_Work instruction_
Return all of the entries below, word for word. Omit each picture.

_Phrase grounding data_

╔══

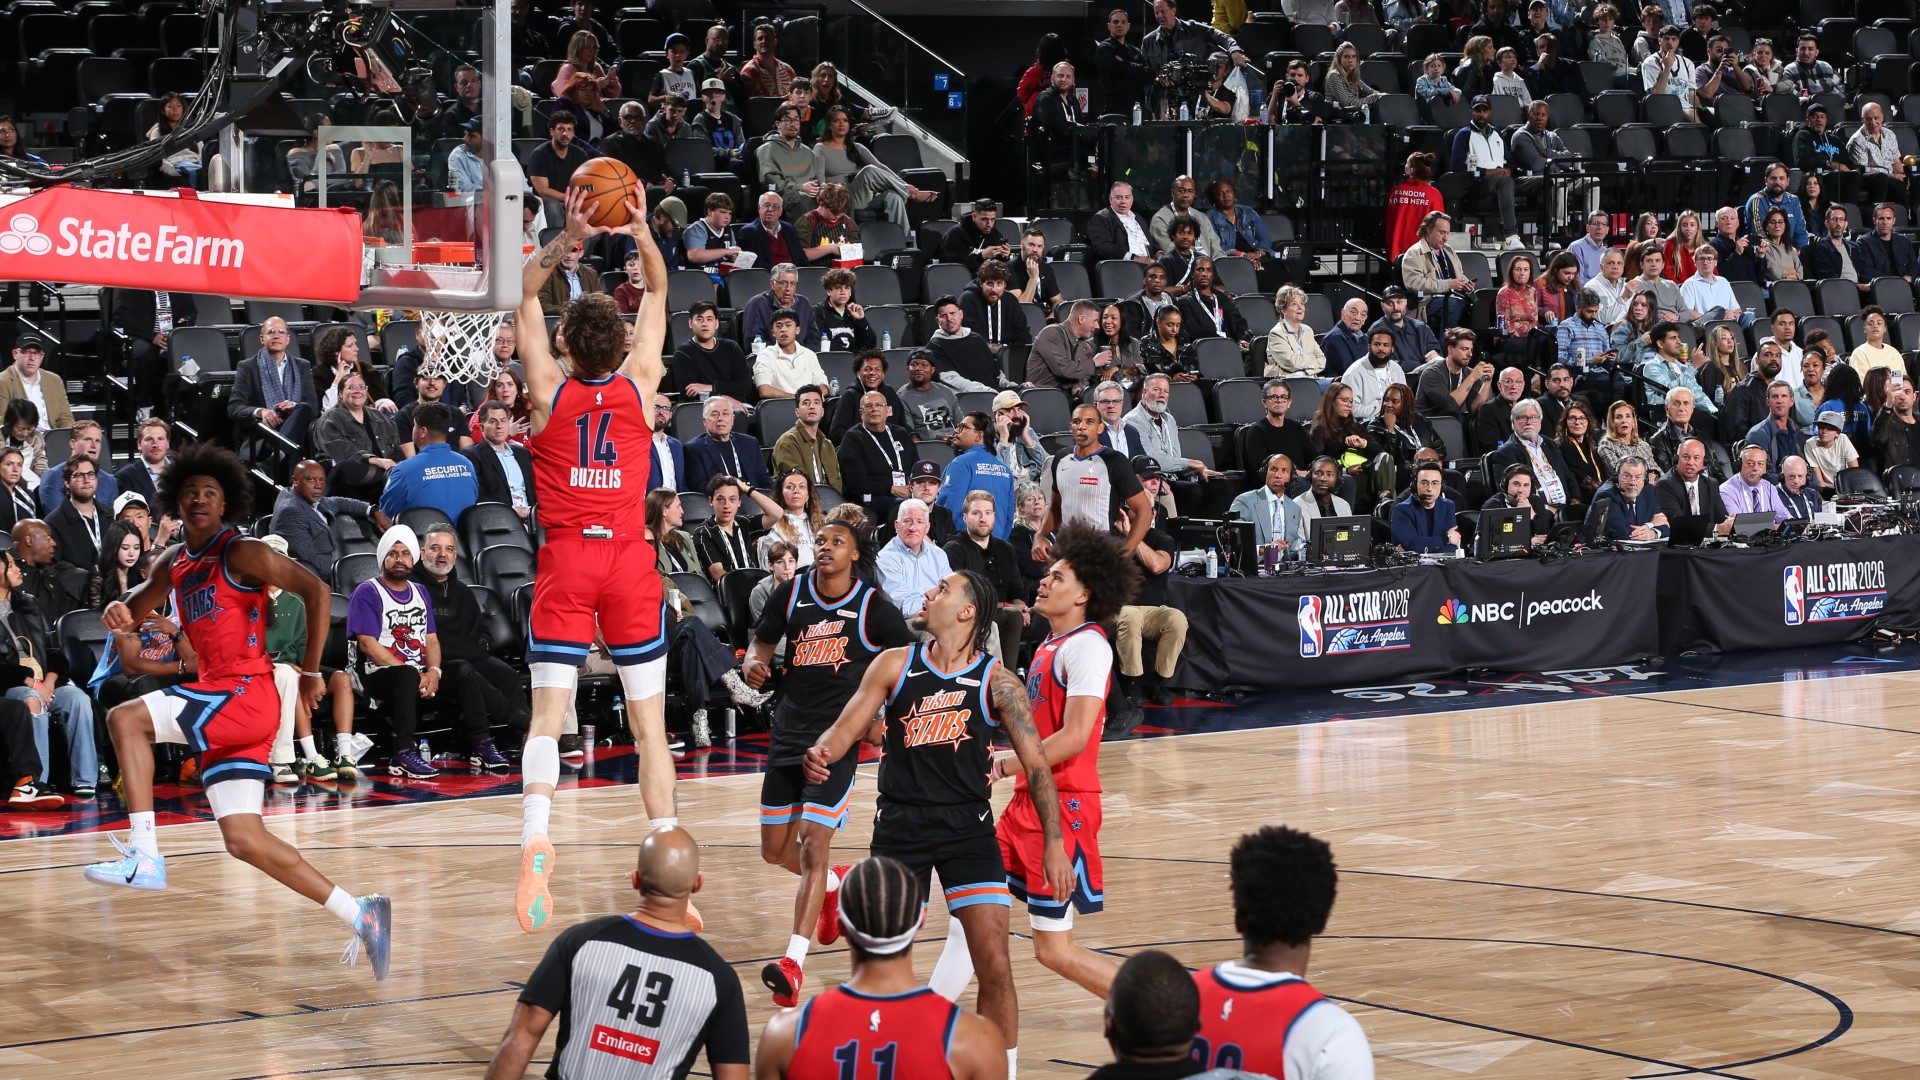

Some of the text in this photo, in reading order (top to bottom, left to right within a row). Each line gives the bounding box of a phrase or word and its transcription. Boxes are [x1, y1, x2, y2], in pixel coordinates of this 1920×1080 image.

[1410, 198, 1430, 206] HERE
[56, 217, 244, 268] State Farm
[576, 412, 617, 468] 14
[422, 474, 445, 482] FANDOM
[424, 464, 467, 476] SECURITY
[569, 467, 621, 489] BUZELIS
[976, 462, 1007, 472] SECURITY
[1806, 560, 1886, 594] ALL STAR 2026
[1324, 588, 1410, 624] ALL STAR 2026
[1471, 589, 1604, 625] NBC peacock
[1833, 596, 1884, 615] Los Angeles
[804, 620, 846, 638] RISING
[1354, 626, 1406, 647] Los Angeles
[792, 636, 849, 666] STARS
[1303, 642, 1315, 654] NBA
[918, 690, 967, 712] RISING
[1331, 682, 1469, 703] 26
[904, 708, 972, 748] STARS
[606, 963, 674, 1028] 43
[597, 1031, 652, 1057] Emirates
[833, 1039, 898, 1080] 11

╚══

_Result of this task_
Some of the text in this photo, in reading order (top to bottom, left to right within a row). Each line gives the bounding box of a phrase or word and its transcription. Boxes are [x1, y1, x2, y2], in pixel coordinates of this 1920×1080 image.

[1410, 198, 1430, 206] HERE
[56, 217, 244, 268] State Farm
[576, 412, 617, 468] 14
[422, 474, 445, 482] FANDOM
[424, 464, 467, 476] SECURITY
[569, 467, 621, 489] BUZELIS
[976, 462, 1007, 472] SECURITY
[1806, 560, 1886, 594] ALL STAR 2026
[1324, 588, 1410, 624] ALL STAR 2026
[1471, 589, 1604, 625] NBC peacock
[1833, 596, 1884, 615] Los Angeles
[804, 620, 846, 638] RISING
[1354, 626, 1406, 647] Los Angeles
[792, 636, 849, 666] STARS
[1303, 642, 1315, 654] NBA
[918, 690, 967, 712] RISING
[1331, 682, 1469, 703] 26
[904, 708, 972, 748] STARS
[606, 963, 674, 1028] 43
[597, 1031, 652, 1057] Emirates
[833, 1039, 898, 1080] 11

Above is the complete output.